In the past, the finance network had provided leadership, direction and momentum to enable frontline colleagues to deliver services to patients. It was time to do so once again.

Mr Orchard added: ‘I’m reminded of the famous Barack Obama quote from his 2008 campaign speech when he said let’s not “wait for some other person or some other time. We are the ones we've been waiting for”. We are the ones. There is no one else – no army of accountants or alternative group of finance leaders with a better plan nor greater experience than we have in this room today.’

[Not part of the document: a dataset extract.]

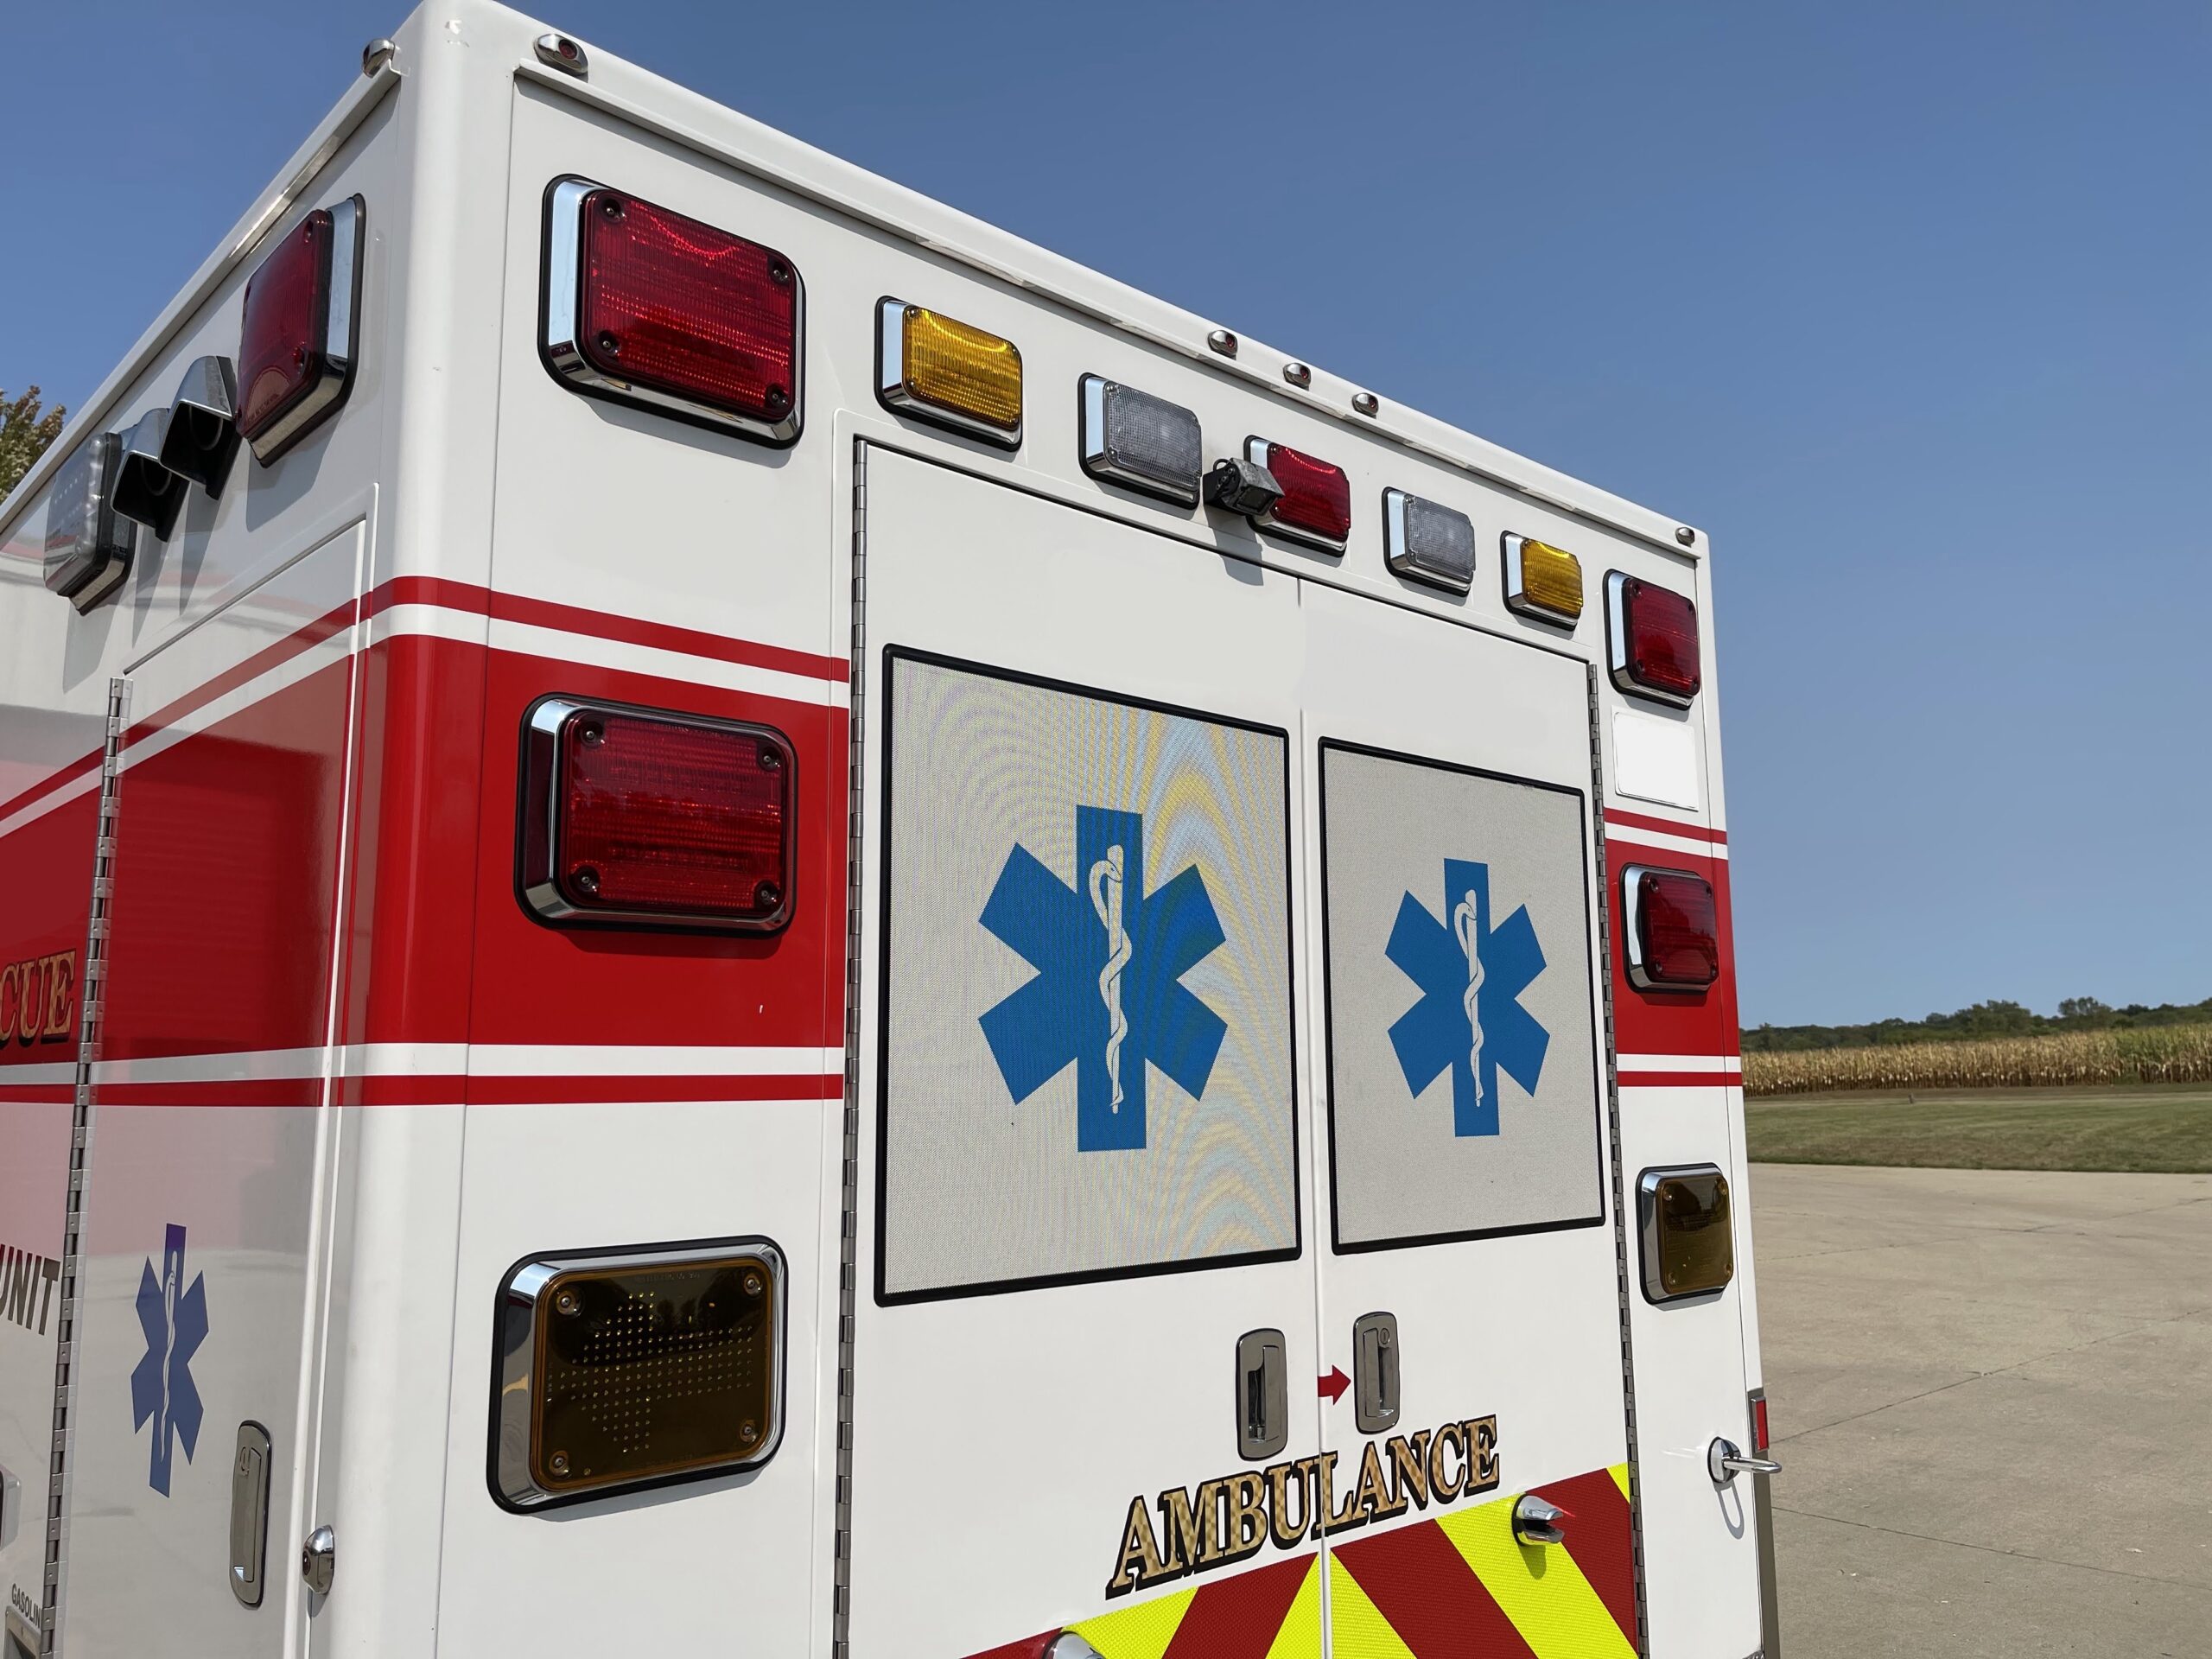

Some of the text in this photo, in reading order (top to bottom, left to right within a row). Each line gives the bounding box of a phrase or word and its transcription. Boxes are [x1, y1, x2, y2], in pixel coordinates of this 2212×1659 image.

BBC political editor Laura Kuenssberg (pictured) told the conference not to expect any big, politically driven changes in the NHS in the short-term.Laura 293170
She said the government was focused on the exit from the European Union and the ‘political bandwidth’ was not available. She added: ‘Behind closed doors, politicians will say the current model is not sustainable. But where as a country do we want to be – to spend more and pay more tax? There are others who say we should do something more radical and have an honest conversation as a country about what people should get from the NHS. But politicians are so terrified of the public reaction that, for now, they just won’t do it.’

A government would need a big majority or cross-party agreement before it would open such a debate, she said.